HOW TO COMPLETE THIS TASK:
Whatever comes before the line containing "this 1600×1196 image." stays out; transcribe that line and all that follow to the end of the records exactly, with no pictures.

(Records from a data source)
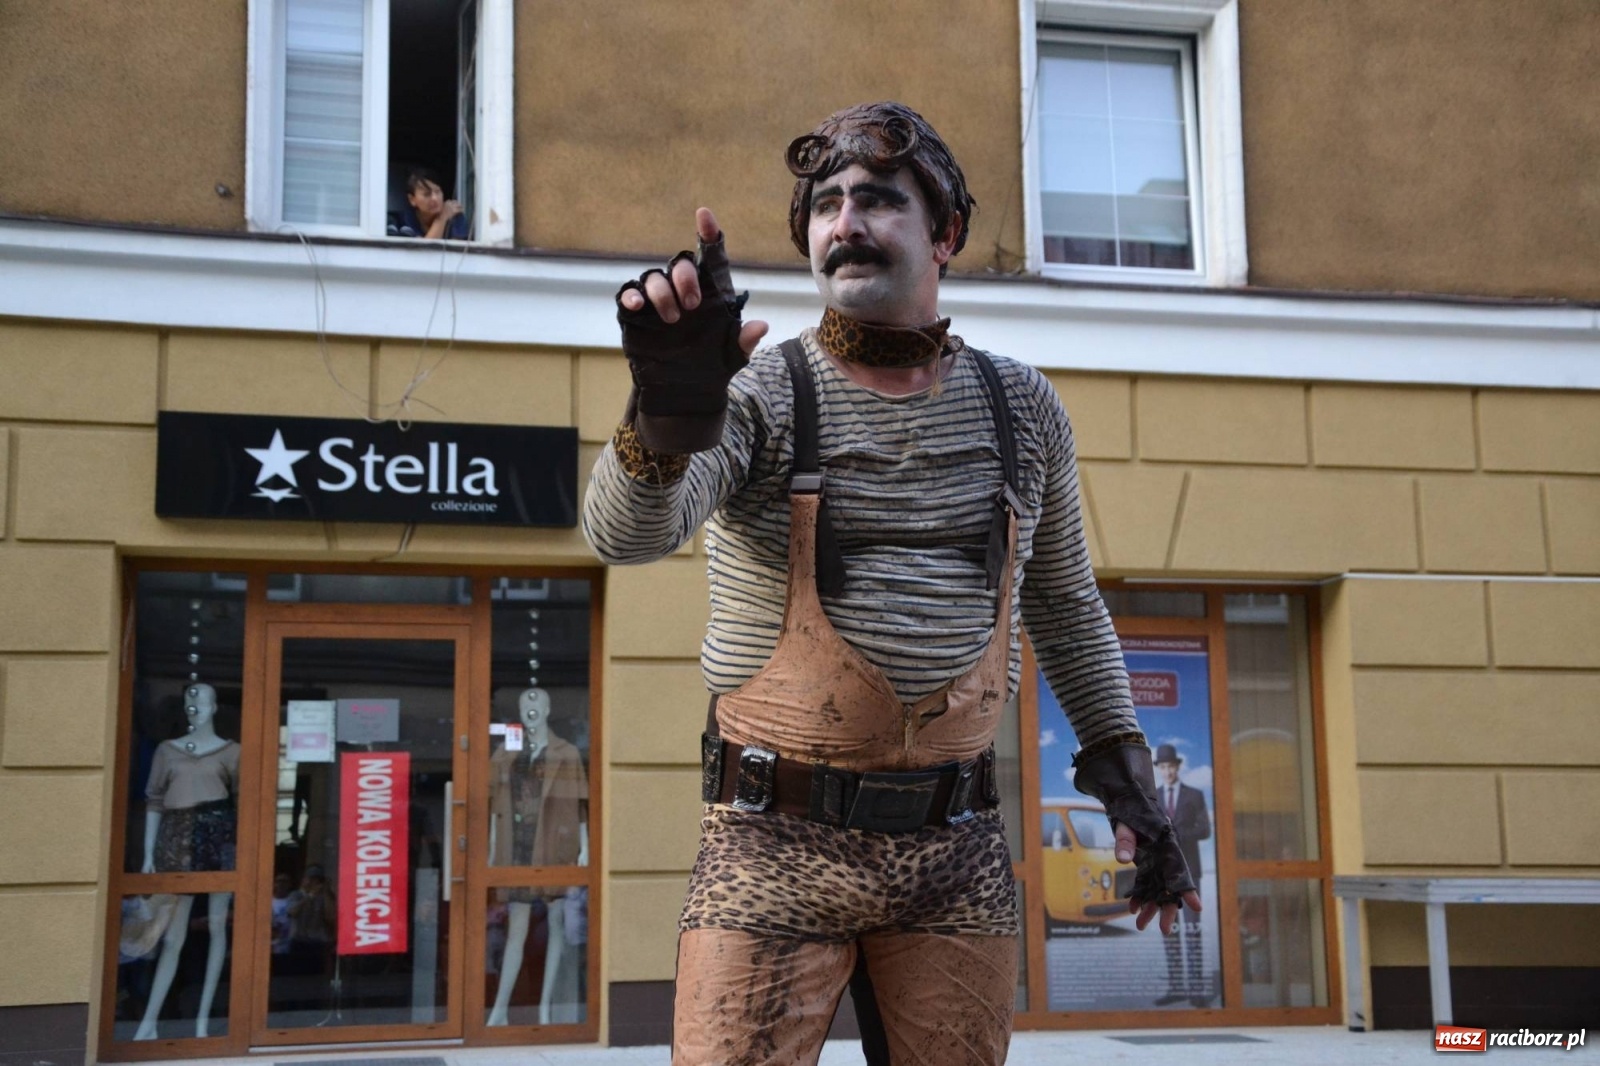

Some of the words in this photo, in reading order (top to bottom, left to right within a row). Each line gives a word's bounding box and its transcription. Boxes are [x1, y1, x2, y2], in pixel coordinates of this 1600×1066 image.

[317, 437, 499, 496] Stella
[431, 499, 498, 512] collezione
[1129, 677, 1171, 689] ZYGODA
[1131, 690, 1165, 702] SZTEM
[358, 759, 393, 825] NOWA
[354, 829, 392, 948] KOLEKCJA
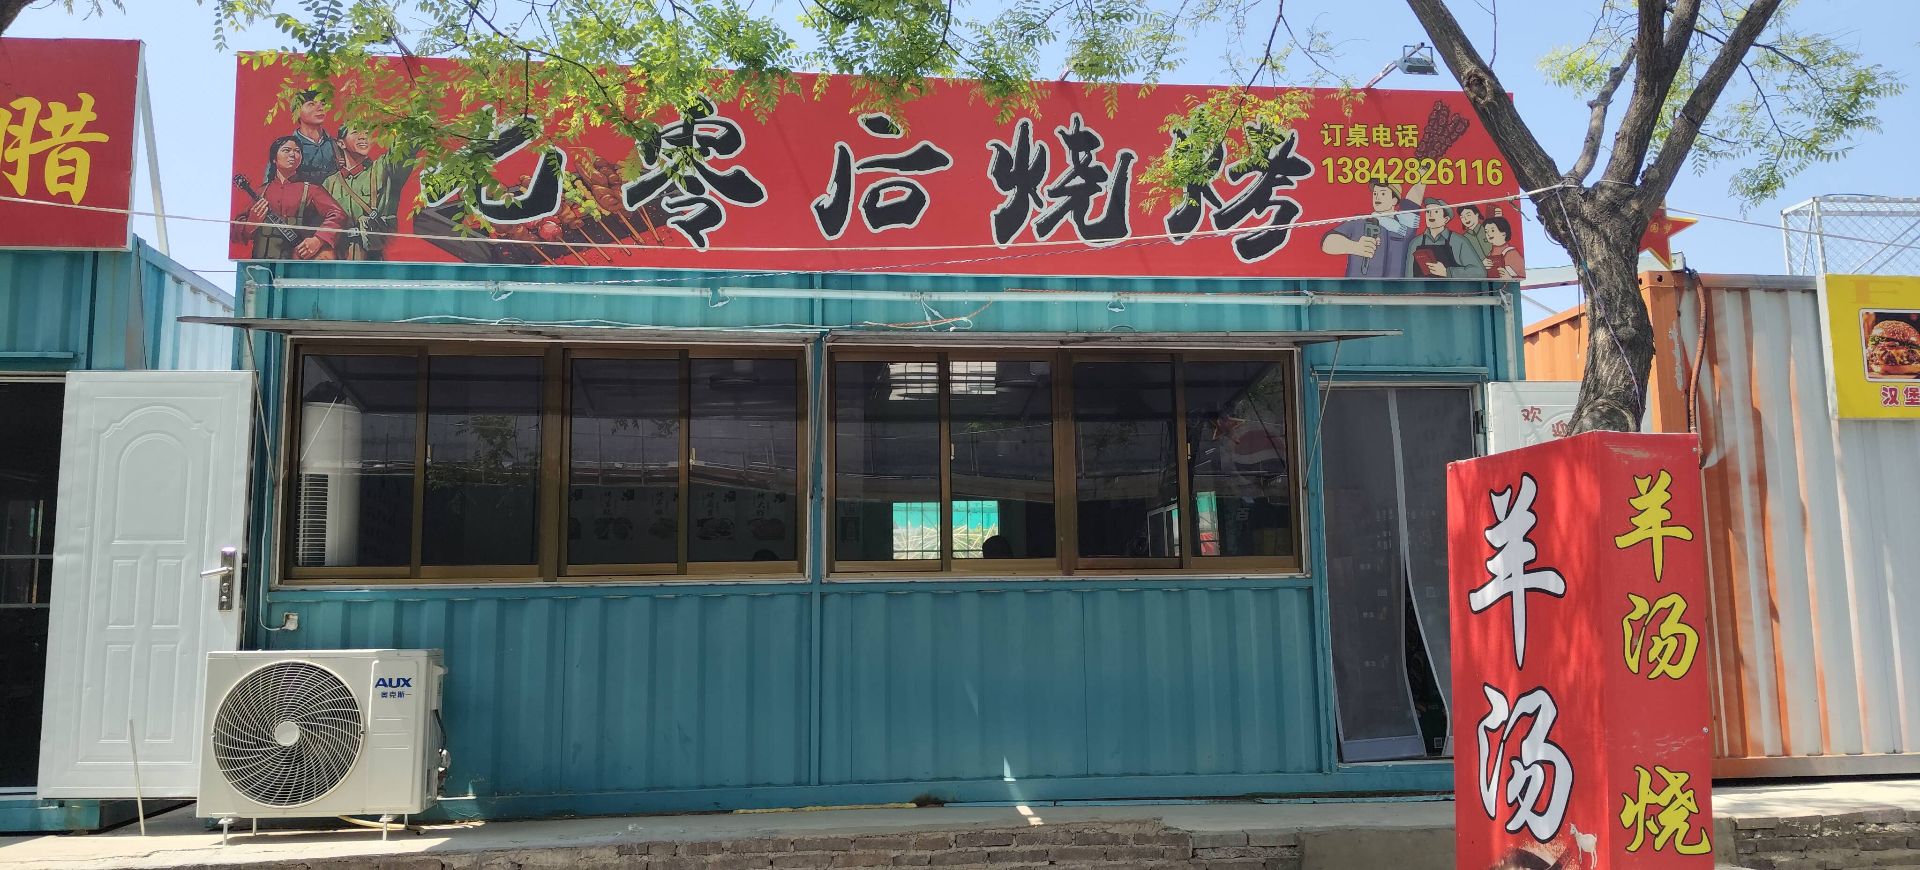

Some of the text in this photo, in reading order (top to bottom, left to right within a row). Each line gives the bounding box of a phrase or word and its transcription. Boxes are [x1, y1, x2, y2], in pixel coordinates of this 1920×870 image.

[1320, 123, 1419, 148] 订桌电话
[1321, 157, 1504, 186] 13842826116
[1880, 385, 1920, 407] 汉堡
[1468, 472, 1574, 843] 羊汤
[375, 677, 413, 689] AUX
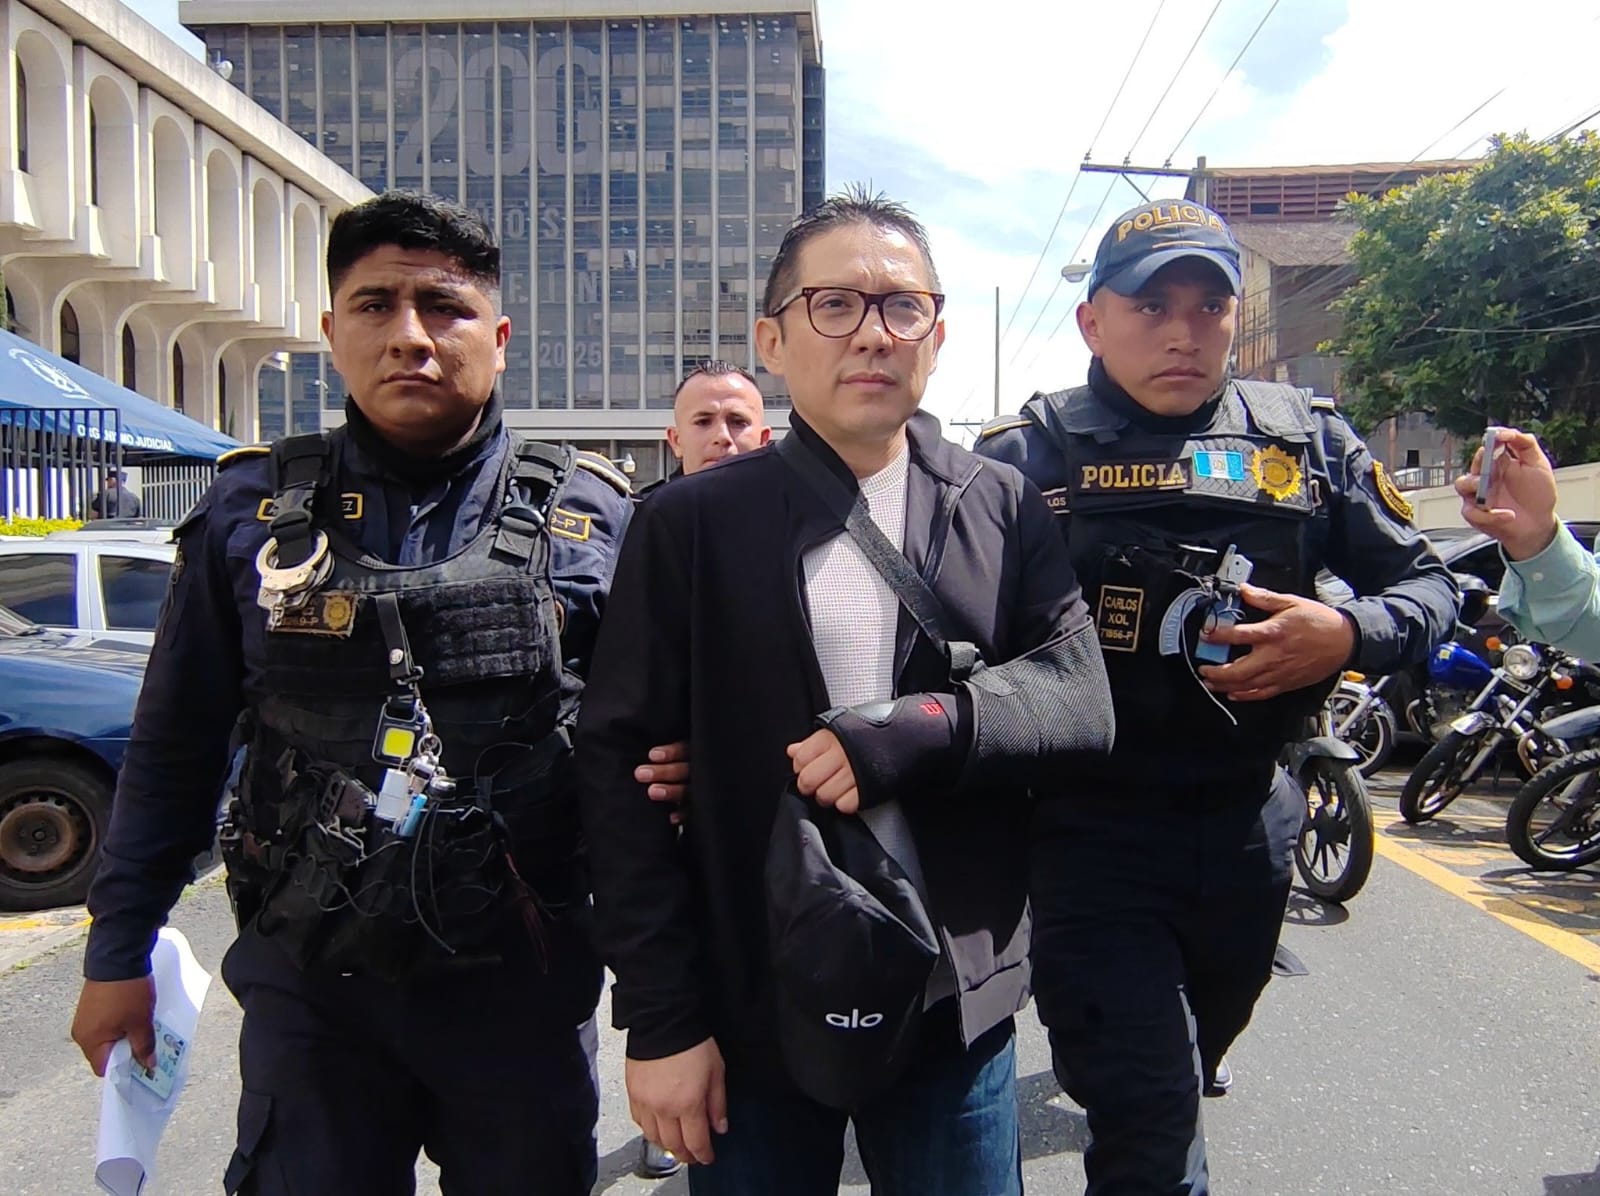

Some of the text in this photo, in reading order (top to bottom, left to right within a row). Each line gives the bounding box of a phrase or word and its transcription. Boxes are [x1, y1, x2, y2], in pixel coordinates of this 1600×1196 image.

[1116, 204, 1225, 243] POLICIA
[539, 341, 602, 368] 2025
[1081, 462, 1186, 489] POLICIA
[1104, 595, 1138, 613] CARLOS
[1107, 611, 1130, 627] XOL
[825, 1008, 884, 1029] alo
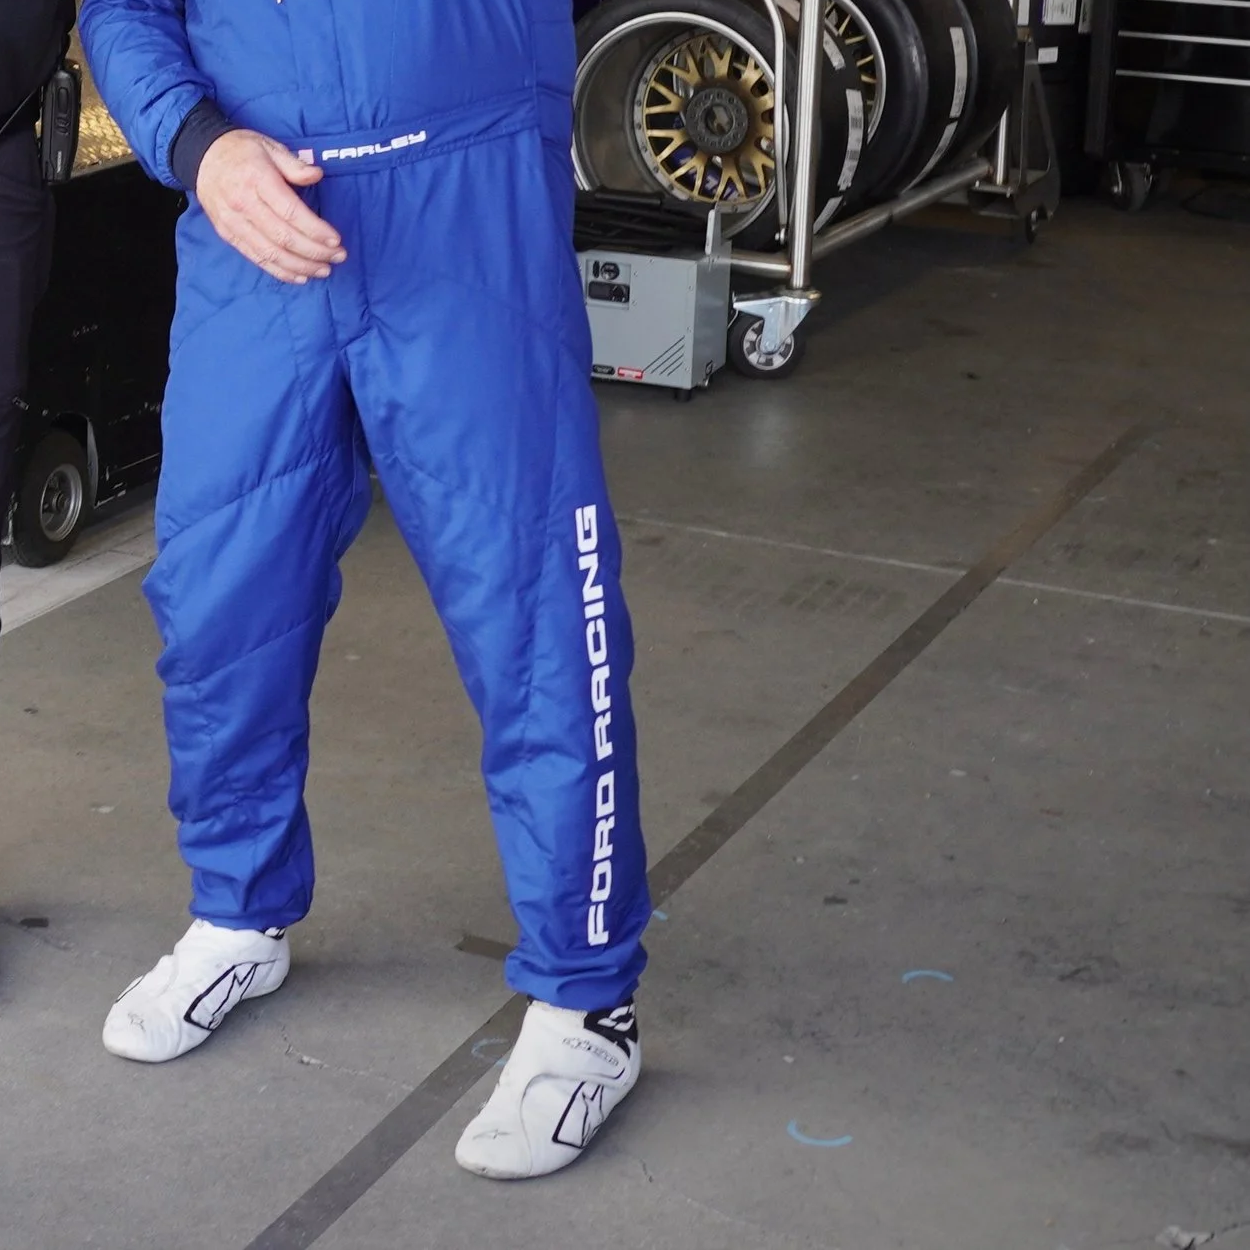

RESPONSE BELOW:
Some of the text in this photo, in reading order (top to bottom, left to right within a row). Each line gives the bounding box of a phrase or word and its transcription. Boxes are [x1, y1, x2, y2], in pixel coordinates of this 1600×1196 image.

[1116, 204, 1225, 243] POLICIA
[539, 341, 602, 368] 2025
[1081, 462, 1186, 489] POLICIA
[1104, 595, 1138, 613] CARLOS
[1107, 611, 1130, 627] XOL
[825, 1008, 884, 1029] alo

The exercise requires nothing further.